著者:
(1) Guillaume Staerman、INRIA、CEA、大学パリ・サクレー、フランス。
(2) Marta Campi、CERIAH、Institut de l'Audition、Institut Pasteur、フランス。
(3)ガレス・W・ピーターズ、米国カリフォルニア大学サンタバーバラ校統計・応用確率学部
付録
K-SIF と SIF の 2 つの主なパラメータ、つまりシグネチャの深さ k と分割ウィンドウの数 ω に関して、その動作を調査します。スペースの都合上、深さに関する実験は付録のセクション C.1 に延期されます。
シグネチャ分割ウィンドウの役割。分割ウィンドウの数によって、基になるデータの特定の間隔 (ランダムに選択) に関する情報を抽出できます。したがって、各ツリー ノードでは、比較のためにすべてのサンプル曲線で同じであるデータの特定の部分に焦点が当てられます。このアプローチにより、データの比較可能なセクションで分析が実行され、サンプル曲線全体のさまざまな間隔または機能を体系的に調査および比較できるようになります。
このパラメータの役割を、2 種類の異常シナリオを再現する 2 つの異なるデータセットで調査します。1 つ目は、小さな間隔で孤立した異常を考慮したもので、2 つ目は、関数パラメータ化全体にわたって持続する異常を含みます。このようにして、異なる種類の異常に対する K-SIF と SIF の動作を観察します。
最初のデータセットは次のように構築されます。100 個の定数関数をシミュレートします。次に、これらの曲線の 90% とサブ区間のガウス ノイズをランダムに選択します。残りの 10% の曲線については、最初のものとは異なる別のサブ区間にガウス ノイズを追加します。より正確には、次のようになります。
• 正常とみなされる曲線の90%は、
ここでε(t) ∼ N (0, 1)、b ∼ U([0, 100])、Uは一様分布を表します。
• 異常とみなされる曲線の10%は、
ここでε(t) ∼ N (0, 1) かつ b ∼ U([0, 100]) である。

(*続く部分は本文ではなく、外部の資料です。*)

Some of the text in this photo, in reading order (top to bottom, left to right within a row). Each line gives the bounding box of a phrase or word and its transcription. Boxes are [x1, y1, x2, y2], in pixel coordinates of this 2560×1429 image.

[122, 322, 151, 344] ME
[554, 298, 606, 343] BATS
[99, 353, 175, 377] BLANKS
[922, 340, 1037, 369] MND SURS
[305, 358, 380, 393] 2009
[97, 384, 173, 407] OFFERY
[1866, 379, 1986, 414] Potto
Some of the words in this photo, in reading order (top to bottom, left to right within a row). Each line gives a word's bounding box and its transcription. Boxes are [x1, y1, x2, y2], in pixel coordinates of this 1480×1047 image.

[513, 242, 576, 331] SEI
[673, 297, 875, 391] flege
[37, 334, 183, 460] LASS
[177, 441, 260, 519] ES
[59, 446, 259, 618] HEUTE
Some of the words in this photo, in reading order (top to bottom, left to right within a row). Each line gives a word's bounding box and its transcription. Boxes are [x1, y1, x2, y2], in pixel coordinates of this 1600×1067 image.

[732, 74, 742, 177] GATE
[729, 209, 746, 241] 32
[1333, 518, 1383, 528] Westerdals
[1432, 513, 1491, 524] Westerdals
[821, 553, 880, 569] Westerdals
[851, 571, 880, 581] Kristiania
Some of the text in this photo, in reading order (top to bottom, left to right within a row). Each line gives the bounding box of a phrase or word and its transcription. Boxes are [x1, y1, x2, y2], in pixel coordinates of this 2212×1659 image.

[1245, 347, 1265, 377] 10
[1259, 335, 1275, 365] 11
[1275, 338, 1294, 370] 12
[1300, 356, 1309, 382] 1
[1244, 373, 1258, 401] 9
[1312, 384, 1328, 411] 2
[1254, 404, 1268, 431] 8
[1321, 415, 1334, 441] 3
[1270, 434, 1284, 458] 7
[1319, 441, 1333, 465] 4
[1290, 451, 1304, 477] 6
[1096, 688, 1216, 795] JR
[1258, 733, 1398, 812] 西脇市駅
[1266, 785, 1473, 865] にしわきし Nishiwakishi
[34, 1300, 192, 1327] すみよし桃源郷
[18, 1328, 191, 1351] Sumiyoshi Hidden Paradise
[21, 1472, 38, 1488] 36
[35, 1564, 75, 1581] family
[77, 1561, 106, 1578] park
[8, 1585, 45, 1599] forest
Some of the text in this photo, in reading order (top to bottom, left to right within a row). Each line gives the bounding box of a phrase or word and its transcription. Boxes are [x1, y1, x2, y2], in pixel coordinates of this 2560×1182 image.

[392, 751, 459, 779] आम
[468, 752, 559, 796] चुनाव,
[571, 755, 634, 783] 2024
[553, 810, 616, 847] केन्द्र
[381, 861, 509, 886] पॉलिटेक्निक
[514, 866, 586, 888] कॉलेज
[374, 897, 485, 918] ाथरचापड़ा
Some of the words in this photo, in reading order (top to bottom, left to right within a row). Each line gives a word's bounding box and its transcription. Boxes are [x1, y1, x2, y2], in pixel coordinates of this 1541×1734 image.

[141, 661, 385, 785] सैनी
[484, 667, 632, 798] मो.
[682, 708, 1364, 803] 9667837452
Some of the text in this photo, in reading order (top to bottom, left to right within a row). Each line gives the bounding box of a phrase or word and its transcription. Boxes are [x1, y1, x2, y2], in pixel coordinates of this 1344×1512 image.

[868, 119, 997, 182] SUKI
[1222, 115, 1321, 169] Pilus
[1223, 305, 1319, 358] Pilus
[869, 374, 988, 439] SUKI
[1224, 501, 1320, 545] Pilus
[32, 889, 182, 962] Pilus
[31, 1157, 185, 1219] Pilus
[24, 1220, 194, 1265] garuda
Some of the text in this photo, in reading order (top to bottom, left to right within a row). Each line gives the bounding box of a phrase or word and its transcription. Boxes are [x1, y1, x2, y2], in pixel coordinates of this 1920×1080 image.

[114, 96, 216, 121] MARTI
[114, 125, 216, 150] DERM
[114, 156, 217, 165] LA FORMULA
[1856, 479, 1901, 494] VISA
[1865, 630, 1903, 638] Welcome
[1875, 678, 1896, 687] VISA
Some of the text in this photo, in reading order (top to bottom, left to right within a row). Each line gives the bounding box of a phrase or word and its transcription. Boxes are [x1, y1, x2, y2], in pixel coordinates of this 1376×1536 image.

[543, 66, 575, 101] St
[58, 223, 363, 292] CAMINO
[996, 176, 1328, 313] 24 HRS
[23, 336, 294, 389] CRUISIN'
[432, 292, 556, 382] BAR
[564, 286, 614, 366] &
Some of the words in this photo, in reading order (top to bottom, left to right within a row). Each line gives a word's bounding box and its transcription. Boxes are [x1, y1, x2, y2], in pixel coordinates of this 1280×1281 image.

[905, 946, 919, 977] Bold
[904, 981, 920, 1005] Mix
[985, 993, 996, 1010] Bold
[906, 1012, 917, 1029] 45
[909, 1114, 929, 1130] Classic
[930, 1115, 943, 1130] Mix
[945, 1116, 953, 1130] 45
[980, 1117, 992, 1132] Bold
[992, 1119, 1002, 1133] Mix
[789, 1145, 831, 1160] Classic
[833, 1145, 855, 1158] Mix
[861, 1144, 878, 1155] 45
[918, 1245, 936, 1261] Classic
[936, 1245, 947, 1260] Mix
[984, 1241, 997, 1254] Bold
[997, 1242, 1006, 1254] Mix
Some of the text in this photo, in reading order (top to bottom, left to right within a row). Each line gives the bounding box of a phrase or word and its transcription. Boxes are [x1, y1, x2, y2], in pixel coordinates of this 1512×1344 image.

µ = 0、σ = 0.5 でパスの 90% をランダムにシミュレートし、それらを正常データと見なします。次に、残りの 10% をドリフト µ = 0.2、標準偏差 σ = 0.4 でシミュレートし、異常データと見なします。切り捨てレベルを 2 に設定し、ツリーの数を N = 1,000 にして、1 から 10 までの異なる分割ウィンドウ数で K-SIF を計算します。実験は 100 回繰り返され、両方のデータセットと 3 つの事前選択された辞書の ROC 曲線の下の平均 AUC が図 1 に報告されます。
最初のデータセットでは、関数のごく一部に異常が見られますが、分割数を増やすと、異常を検出するアルゴリズムのパフォーマンスが大幅に向上します。パフォーマンスの向上は、9 つの分割ウィンドウの後、頭打ちになります。異常が持続する 2 番目のデータセットの場合、分割ウィンドウの数を増やしてもアルゴリズムのパフォーマンスにわずかな影響しか与えず、満足のいく結果が維持されます。したがって、データに関する事前知識がなくても、10 などの比較的高い分割ウィンドウ数を選択すると、両方のシナリオで堅牢なパフォーマンスが保証されます。さらに、分割ウィンドウの数を増やすと、関数のより小さな部分でシグネチャを計算できるため、計算効率が向上します。
この論文は、CC BY 4.0 DEED ライセンスの下でarxiv で公開されています。